◆ What to do: Set the pictures aside and set down only the lines from the line holding "this 1288×966 image." through the end of the entries below, ends included.

Referring expression grounding data:
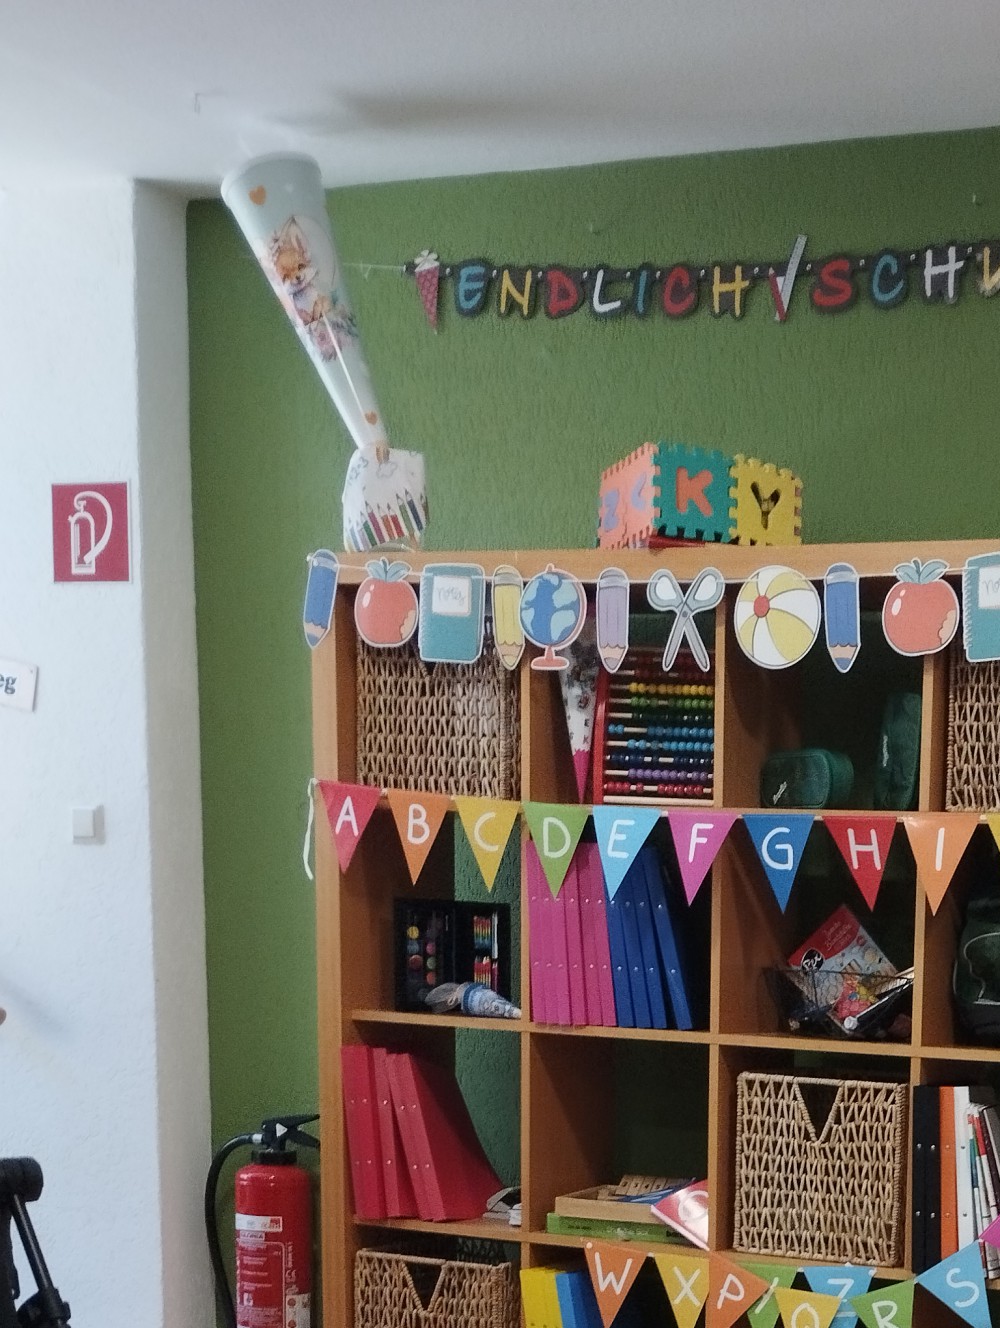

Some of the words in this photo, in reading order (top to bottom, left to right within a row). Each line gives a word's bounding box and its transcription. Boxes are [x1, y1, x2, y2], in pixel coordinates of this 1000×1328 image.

[456, 262, 752, 318] ENDLICH
[675, 465, 714, 518] K
[750, 480, 782, 531] Y
[334, 794, 359, 836] A
[406, 803, 430, 845] B
[473, 811, 499, 852] C
[542, 815, 571, 859] D
[607, 819, 635, 859] E
[688, 822, 715, 864] F
[760, 826, 795, 871] G
[847, 827, 882, 870] H
[934, 826, 946, 872] I
[593, 1251, 633, 1296] W
[672, 1265, 701, 1308] X
[716, 1272, 745, 1310] P
[945, 1266, 980, 1309] S
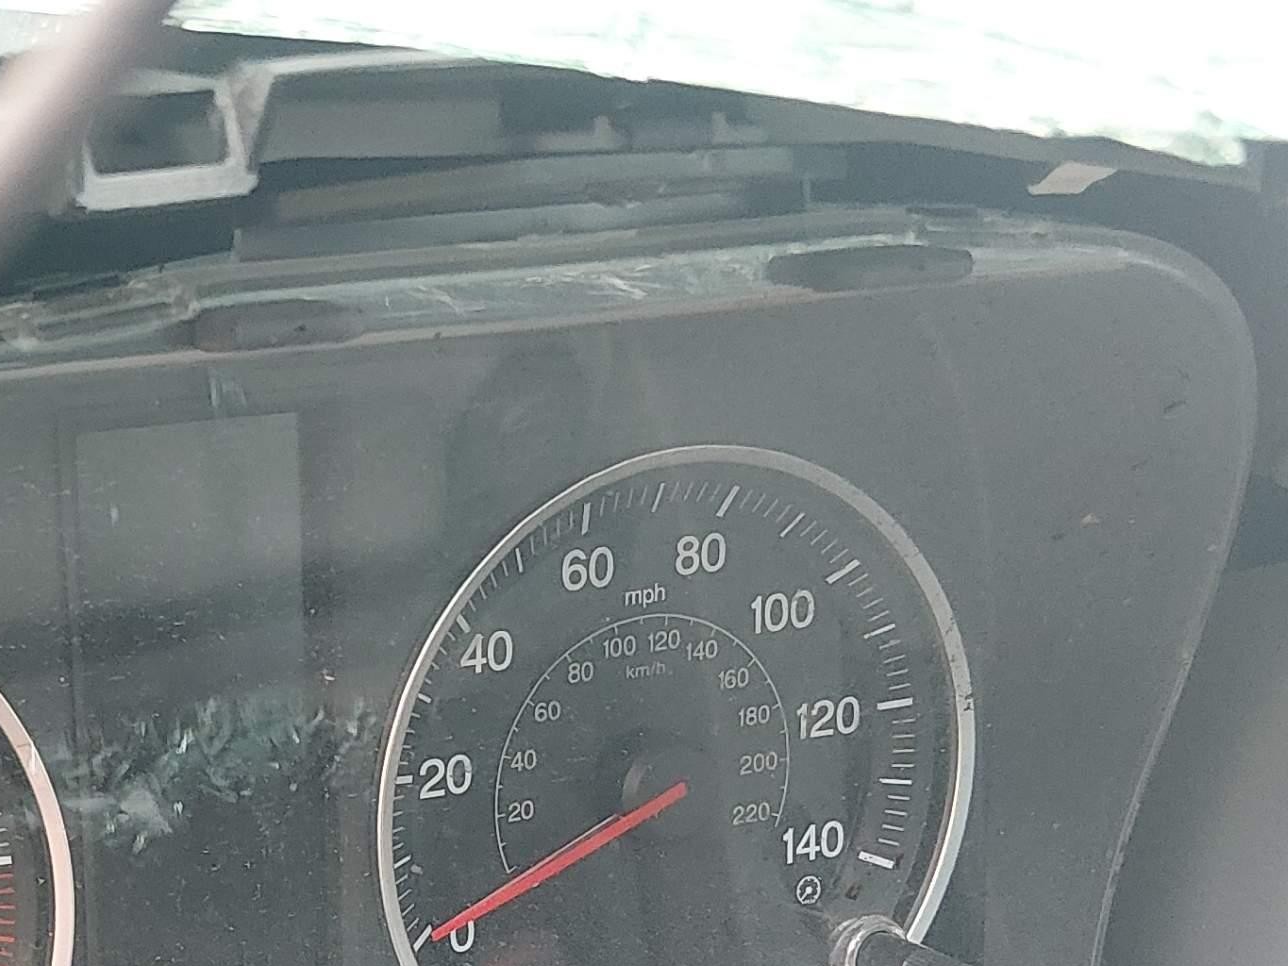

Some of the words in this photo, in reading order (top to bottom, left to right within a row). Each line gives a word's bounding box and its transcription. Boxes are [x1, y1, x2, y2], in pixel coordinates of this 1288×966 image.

[675, 533, 726, 576] 80
[562, 546, 614, 591] 60
[624, 582, 666, 609] mph
[751, 590, 815, 634] 100
[461, 630, 513, 674] 40
[603, 635, 636, 659] 100
[647, 629, 681, 653] 120
[686, 639, 718, 661] 140
[567, 661, 594, 684] 80
[625, 661, 666, 679] km/h
[718, 668, 749, 690] 160
[534, 701, 561, 722] 60
[738, 705, 770, 727] 180
[797, 696, 860, 740] 120
[511, 749, 537, 772] 40
[739, 752, 777, 776] 200
[419, 754, 472, 799] 20
[507, 800, 534, 823] 20
[732, 802, 770, 826] 220
[782, 820, 844, 864] 140
[450, 920, 475, 953] 0
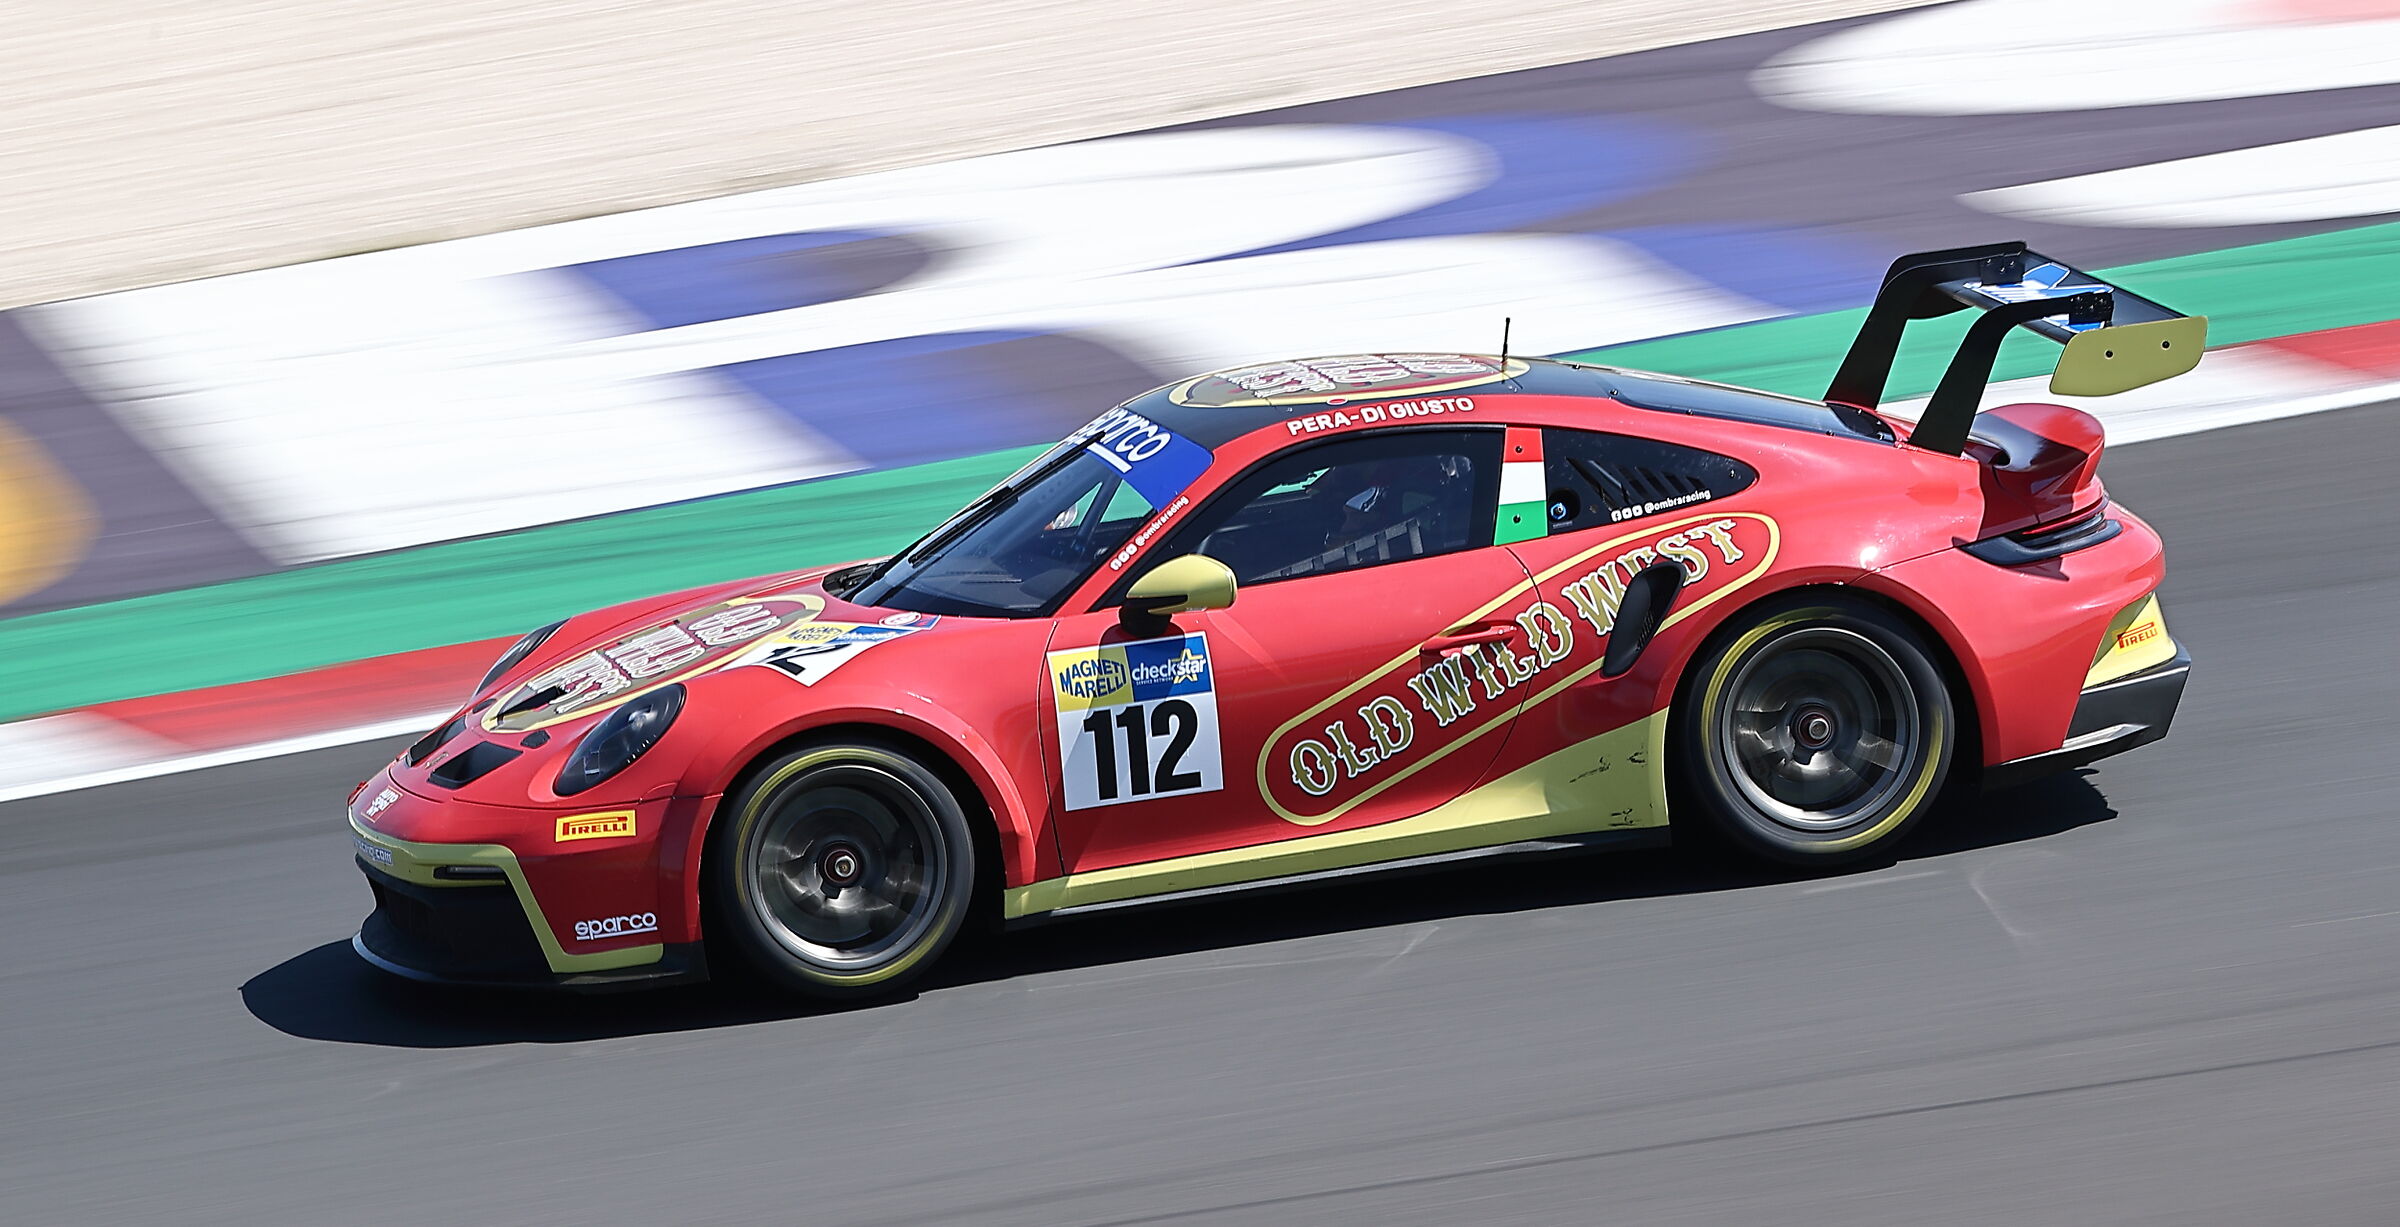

◆ Expected answer:
Some of the words in this photo, in reading order (top to bottom, left to right within a row). Each line gives a word's bounding box and its transcription. Boxes are [x1, y1, x2, y2], in pixel coordinates of this 1288×966 image.

[675, 533, 726, 576] 80
[562, 546, 614, 591] 60
[624, 582, 666, 609] mph
[751, 590, 815, 634] 100
[461, 630, 513, 674] 40
[603, 635, 636, 659] 100
[647, 629, 681, 653] 120
[686, 639, 718, 661] 140
[567, 661, 594, 684] 80
[625, 661, 666, 679] km/h
[718, 668, 749, 690] 160
[534, 701, 561, 722] 60
[738, 705, 770, 727] 180
[797, 696, 860, 740] 120
[511, 749, 537, 772] 40
[739, 752, 777, 776] 200
[419, 754, 472, 799] 20
[507, 800, 534, 823] 20
[732, 802, 770, 826] 220
[782, 820, 844, 864] 140
[450, 920, 475, 953] 0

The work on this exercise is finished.